Marketing for Scientists

Launching Disk Detective: A New Citizen Science Website

Dear Colleagues,

Last year, I made three science-marketing new years resolutions: clean my desk, spruce up my webpage, and launch a citizen science project. The desk and the webpage—let’s say they are still works in progress. But I am proud to say that this week is the launch of DiskDetective.org, a new citizen science project where volunteers can help me and my team sort through data from NASA’s WISE telescope to find disks where planets form and hide. Disk Detective is a new collaboration between NASA and Zooniverse and, I hope, a seed of progress here towards a more open Federal government.

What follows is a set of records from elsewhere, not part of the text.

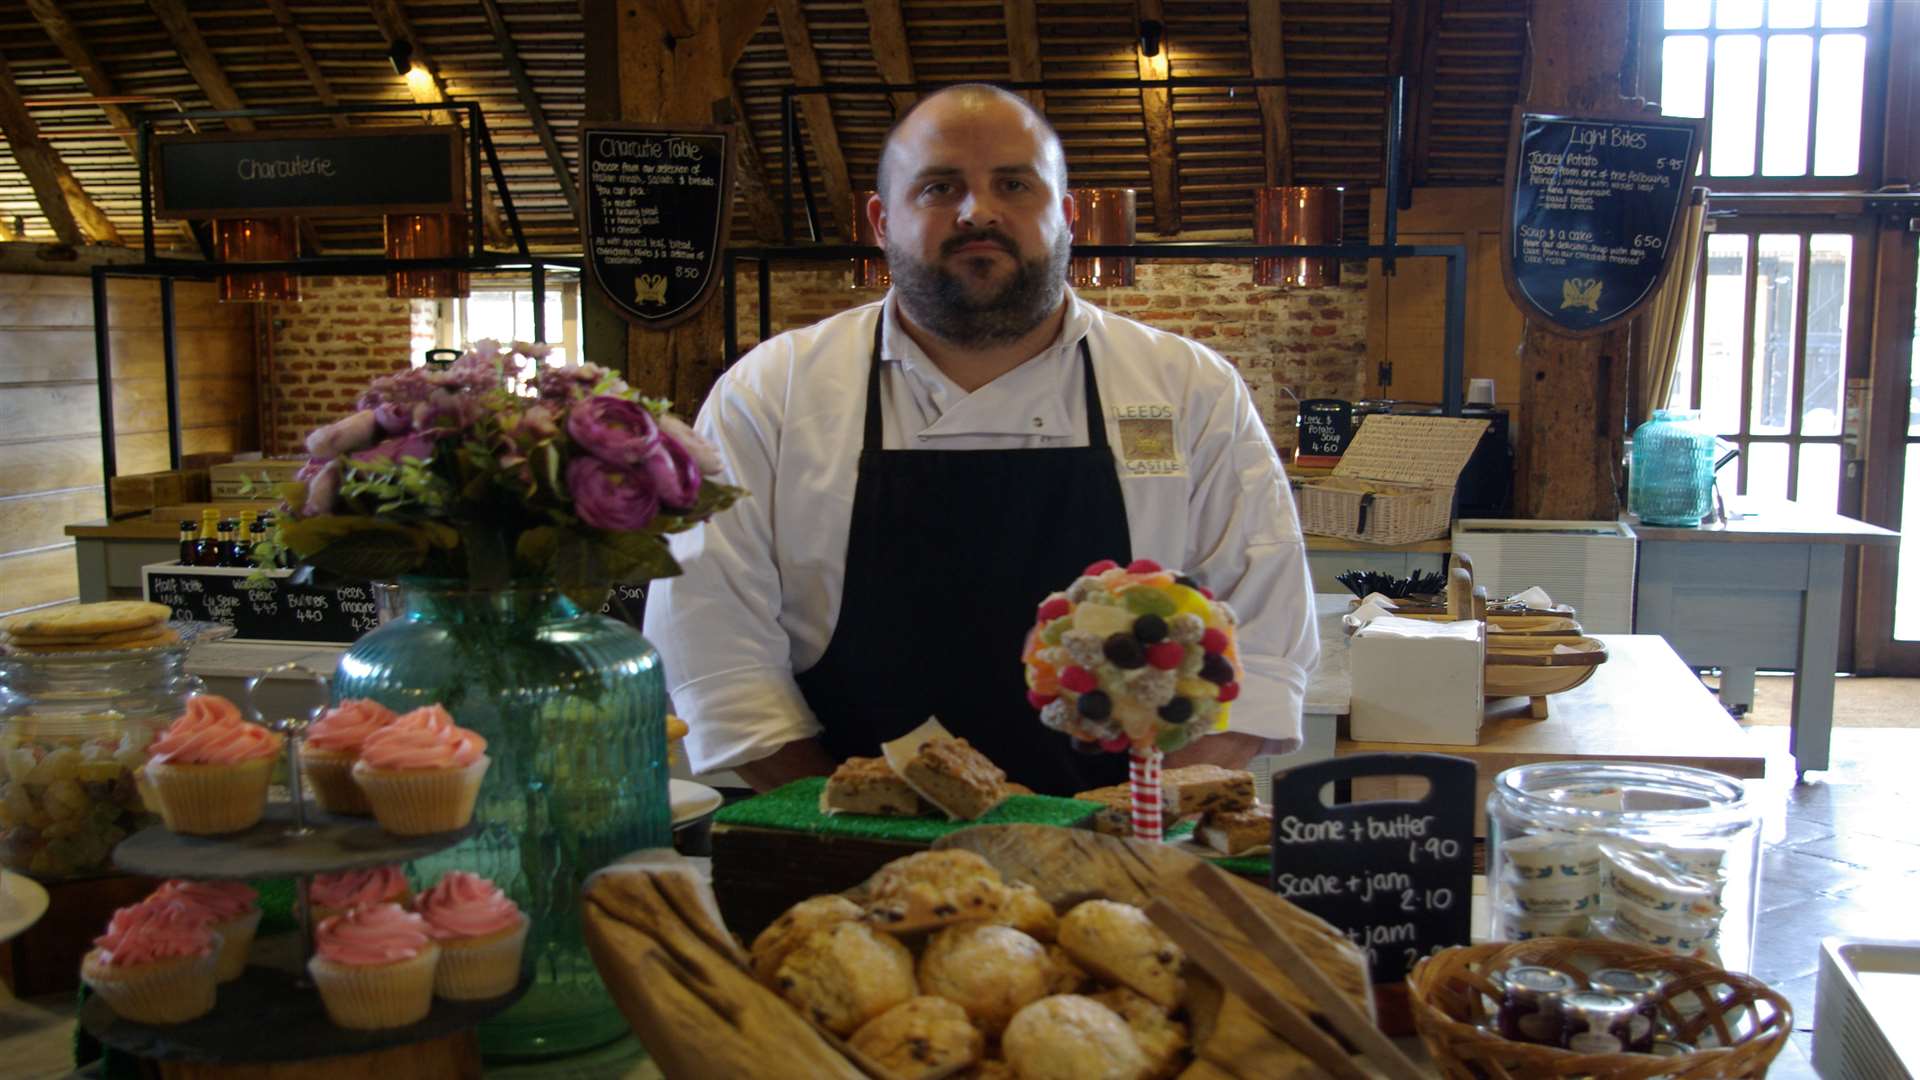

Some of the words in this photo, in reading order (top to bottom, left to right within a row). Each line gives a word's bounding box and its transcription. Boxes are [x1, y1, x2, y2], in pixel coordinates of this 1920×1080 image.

[1570, 125, 1607, 153] Light
[1611, 127, 1648, 150] Bites
[664, 136, 704, 161] Table
[592, 161, 620, 172] Choose
[621, 162, 640, 173] from
[690, 164, 702, 174] of
[1527, 151, 1564, 166] Jacket
[1566, 152, 1599, 167] Potato
[238, 155, 337, 181] Charcuterie
[1559, 166, 1579, 177] from
[1580, 168, 1598, 178] one
[1610, 171, 1627, 181] the
[1628, 170, 1671, 188] following
[595, 184, 611, 196] You
[612, 187, 627, 195] can
[1520, 224, 1546, 240] Soup
[1557, 229, 1566, 240] a
[1568, 230, 1595, 242] cake
[1118, 405, 1173, 418] LEEDS
[1308, 424, 1335, 436] Potato
[1320, 433, 1342, 444] Soup
[1126, 460, 1181, 471] CASTLE
[153, 576, 178, 593] Half
[1279, 814, 1346, 845] Scone
[1349, 821, 1364, 843] +
[1366, 813, 1435, 840] butter
[1277, 872, 1342, 897] Scone
[1345, 873, 1361, 892] +
[1360, 869, 1410, 902] jam
[1363, 921, 1415, 949] jam

Disk Detective Screen ShotAnd, gee whiz, launching a new citizen science project was much harder than I anticipated.

First, there was the challenge of coming up with a project. I tend to feel that anywhere there is big data, there is a place for crowdsourcing. But humans have limits; the amount of data processing to be crowdsourced can’t be too large to manage or too small to be consequential. People’s time must not be wasted duplicating a task that machines can do better. We had to find the right balance and a way to make the task interesting but intuitive. But I am lucky to be working with a talented science team, with experts in infrared surveys like Deborah Padgett, Luisa Rebull, Mike McElwain, and John Debes who made short work of this astrophysical brain teaser.

Then there was the matter of finding funding for the project.  First we applied to the usual NASA ROSES programs—for three years in a row we submitted 15-page proposals to the Astrophysical Data Analysis Program and to the Origins program, to no avail. One year we also applied to a NASA Planetariums program and to a Sloan Foundation program. We finally found enough funding to get the project off the ground through the Goddard Science Innovation Fund.

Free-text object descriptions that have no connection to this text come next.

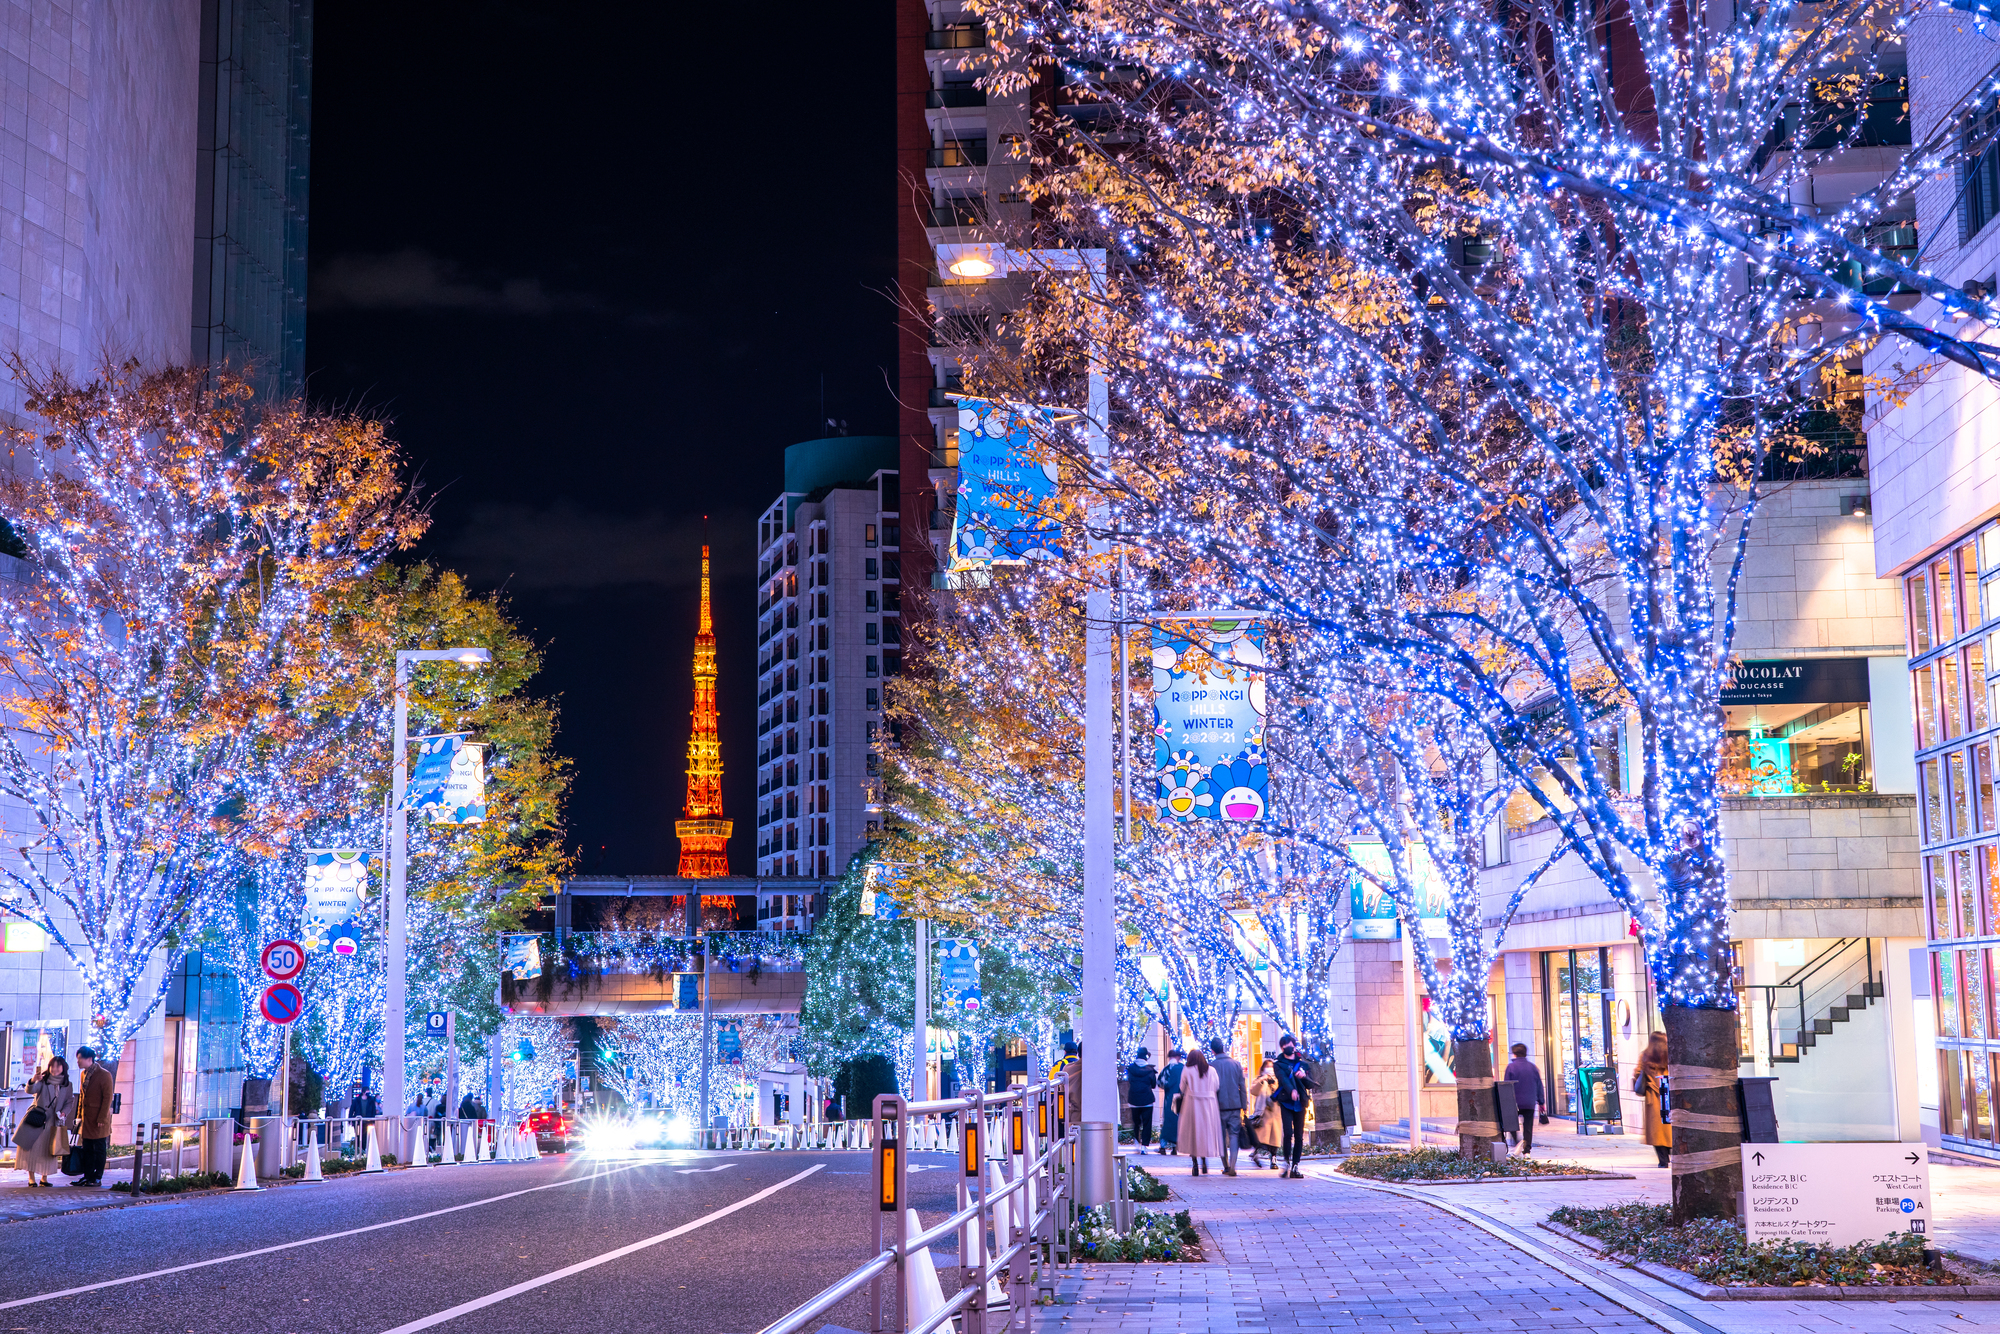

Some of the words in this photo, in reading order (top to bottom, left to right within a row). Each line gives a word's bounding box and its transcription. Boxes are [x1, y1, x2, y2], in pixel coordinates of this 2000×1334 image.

[988, 469, 1020, 482] HILLS
[1726, 666, 1803, 679] HOCOLAT
[1740, 682, 1784, 690] DUCASSE
[1172, 689, 1244, 702] ROPPONGI
[1190, 704, 1226, 715] HILLS
[1183, 717, 1234, 730] WINTER
[1182, 731, 1236, 744] 2020-21
[271, 951, 295, 969] 50
[1751, 1174, 1788, 1183] レジデンス
[1872, 1174, 1922, 1182] ウエストコート
[1753, 1197, 1790, 1205] レジデンス
[1791, 1197, 1799, 1205] D
[1875, 1197, 1900, 1206] 駐車場
[1902, 1201, 1914, 1210] P9
[1917, 1201, 1924, 1209] A
[1876, 1206, 1901, 1214] Parking
[1791, 1220, 1836, 1228] ゲートタワー

Then there were the many colleagues whom we had to convince that this was a worthwhile adventure. Nearly all had heard of the notion of “citizen science”. But most thought that citizen science was some kind of outreach or education. I had to explain to them that no, we are not launching some kind of make-work or “fun” science activity to entertain children. We are doing unique, novel, far-reaching science intended for publication in the literature.

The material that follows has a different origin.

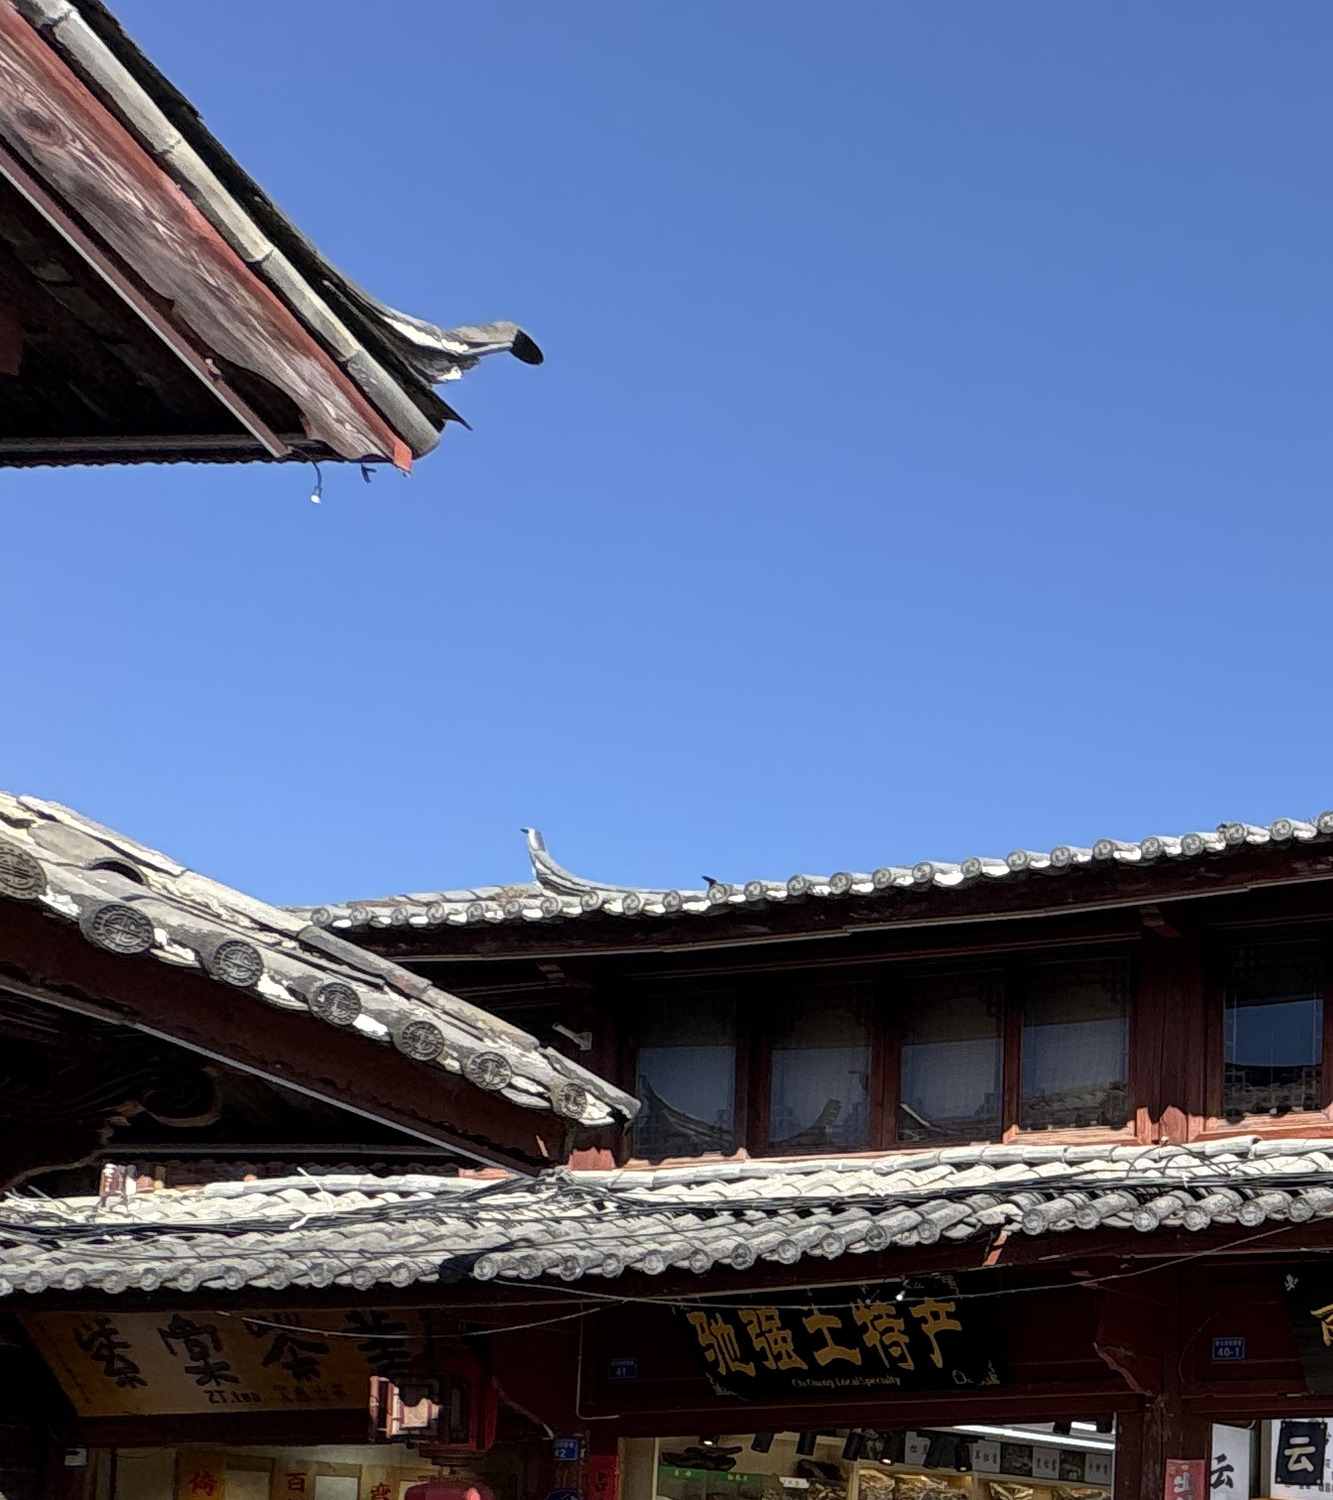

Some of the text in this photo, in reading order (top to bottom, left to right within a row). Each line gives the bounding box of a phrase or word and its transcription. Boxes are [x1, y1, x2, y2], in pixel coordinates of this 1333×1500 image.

[684, 1296, 964, 1378] 驰强土特产
[1217, 1346, 1240, 1358] 40-1

Other colleagues had the opposite reaction: you’re taking away work from us professionals, work that we should be funded for! Now I had to remind people that part of what’s great about science is that as a community, we aim to pursue the best research methods, even if that means we enjoin people outside our usual community to perform the research with us.

And who does this volunteer work on Zooniverse and other sites? Surely, said my colleagues, it’s crazy people, obsessive-compulsive types. Or maybe it’s careless kids with short attention spans. Either way, the results could not be trusted. No, I explained.  The bulk of the classifications are done by people who spend maybe an hour at a time working on the site, not by dabblers or obsessives. And we combine the results from multiple volunteers to generate robust classifications for every subject. And by the way, groups of professional astronomers are also subject to fatigue and biases when they try to make sense of vast libraries of images. With Zooniverse, we have enough manpower to search for and calibrate out many of these human errors.

Best of all, I told my colleagues, when you’re working with so many eager volunteers, there’s a chance they might invent or discover something that you didn’t expect. There’s a chance that they might be smarter than you! When I suggested this possibility, my most ornery colleagues usually shut up in a hurry, and probably went off muttering under their breath.

NASA's WISE MissionThese are just a few of the obstacles we faced.  There was the matter of moving half a TB of data across the country from one NASA computer to another, and then over to Adler—a process you’d think would be easy, but which isn’t. Then there are a slew of other issues related to pursuing science in the federal government, which I won’t get into (see this report from the Woodrow Wilson center for more info).
Anyway, I am proud and excited to have arrived at this day. I’ve sometimes wondered why I’m lucky enough to be employed by our citizens to work at NASA—how exactly do taxpayers benefit when I write another paper in the Astrophysical Journal on a topic they might find esoteric? I can certainly think of indirect benefits. But right now, I’m certain I’m doing something well matched to the role of NASA scientist: enabling the people of the U.S. enjoy the fruits of a NASA telescope, not just showing them pretty pictures, but including them in the process, the adventure of scientific research that I thirst for.

So I hope you have a moment to try DiskDetective.org and share it with your students.  You might catch yourself thinking about how citizen scientists can help you with your research.  The site is not perfect: the day before launch and we’re still fixing typos (and a random link to a scientology site that somehow crept in there!). But the science and the joy of collaboration are very real. There may be obstacles to launching a project like this, but I can already say it’s worth it for the excitement I’m feeling today.